▶ _TASK DIRECTIONS_: Down to the final line, return the records unchanged.

Records from a data source:
════

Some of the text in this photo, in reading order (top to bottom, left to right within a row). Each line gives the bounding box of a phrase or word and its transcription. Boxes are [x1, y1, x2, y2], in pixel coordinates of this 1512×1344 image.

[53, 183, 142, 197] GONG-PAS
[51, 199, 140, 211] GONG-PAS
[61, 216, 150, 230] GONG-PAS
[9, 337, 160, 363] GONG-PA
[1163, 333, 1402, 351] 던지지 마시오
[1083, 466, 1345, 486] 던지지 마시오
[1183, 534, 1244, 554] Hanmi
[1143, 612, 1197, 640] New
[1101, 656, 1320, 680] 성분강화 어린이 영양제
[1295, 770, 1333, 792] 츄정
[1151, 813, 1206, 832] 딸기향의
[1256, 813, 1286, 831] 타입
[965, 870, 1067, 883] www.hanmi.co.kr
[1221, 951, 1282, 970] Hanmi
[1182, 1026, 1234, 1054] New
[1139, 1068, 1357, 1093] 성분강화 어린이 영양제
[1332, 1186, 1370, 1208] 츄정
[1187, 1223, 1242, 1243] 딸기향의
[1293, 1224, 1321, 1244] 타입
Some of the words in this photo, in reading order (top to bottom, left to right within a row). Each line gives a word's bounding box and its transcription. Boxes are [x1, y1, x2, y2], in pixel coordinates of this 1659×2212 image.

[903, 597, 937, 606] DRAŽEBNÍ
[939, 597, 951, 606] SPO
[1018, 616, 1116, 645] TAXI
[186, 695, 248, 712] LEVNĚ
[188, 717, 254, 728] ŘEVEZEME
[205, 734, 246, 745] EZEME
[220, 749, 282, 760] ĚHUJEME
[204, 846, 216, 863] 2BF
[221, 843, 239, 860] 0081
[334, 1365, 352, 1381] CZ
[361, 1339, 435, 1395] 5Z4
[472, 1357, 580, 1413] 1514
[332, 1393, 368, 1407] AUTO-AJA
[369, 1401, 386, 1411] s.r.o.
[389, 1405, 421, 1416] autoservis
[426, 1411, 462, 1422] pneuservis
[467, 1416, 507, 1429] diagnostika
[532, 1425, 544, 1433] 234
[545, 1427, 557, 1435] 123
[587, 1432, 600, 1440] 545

════

▶ _WRITTEN ANSWER_:
Some of the text in this photo, in reading order (top to bottom, left to right within a row). Each line gives the bounding box of a phrase or word and its transcription. Boxes are [x1, y1, x2, y2], in pixel coordinates of this 1512×1344 image.

[53, 183, 142, 197] GONG-PAS
[51, 199, 140, 211] GONG-PAS
[61, 216, 150, 230] GONG-PAS
[9, 337, 160, 363] GONG-PA
[1163, 333, 1402, 351] 던지지 마시오
[1083, 466, 1345, 486] 던지지 마시오
[1183, 534, 1244, 554] Hanmi
[1143, 612, 1197, 640] New
[1101, 656, 1320, 680] 성분강화 어린이 영양제
[1295, 770, 1333, 792] 츄정
[1151, 813, 1206, 832] 딸기향의
[1256, 813, 1286, 831] 타입
[965, 870, 1067, 883] www.hanmi.co.kr
[1221, 951, 1282, 970] Hanmi
[1182, 1026, 1234, 1054] New
[1139, 1068, 1357, 1093] 성분강화 어린이 영양제
[1332, 1186, 1370, 1208] 츄정
[1187, 1223, 1242, 1243] 딸기향의
[1293, 1224, 1321, 1244] 타입
Some of the words in this photo, in reading order (top to bottom, left to right within a row). Each line gives a word's bounding box and its transcription. Boxes are [x1, y1, x2, y2], in pixel coordinates of this 1659×2212 image.

[903, 597, 937, 606] DRAŽEBNÍ
[939, 597, 951, 606] SPO
[1018, 616, 1116, 645] TAXI
[186, 695, 248, 712] LEVNĚ
[188, 717, 254, 728] ŘEVEZEME
[205, 734, 246, 745] EZEME
[220, 749, 282, 760] ĚHUJEME
[204, 846, 216, 863] 2BF
[221, 843, 239, 860] 0081
[334, 1365, 352, 1381] CZ
[361, 1339, 435, 1395] 5Z4
[472, 1357, 580, 1413] 1514
[332, 1393, 368, 1407] AUTO-AJA
[369, 1401, 386, 1411] s.r.o.
[389, 1405, 421, 1416] autoservis
[426, 1411, 462, 1422] pneuservis
[467, 1416, 507, 1429] diagnostika
[532, 1425, 544, 1433] 234
[545, 1427, 557, 1435] 123
[587, 1432, 600, 1440] 545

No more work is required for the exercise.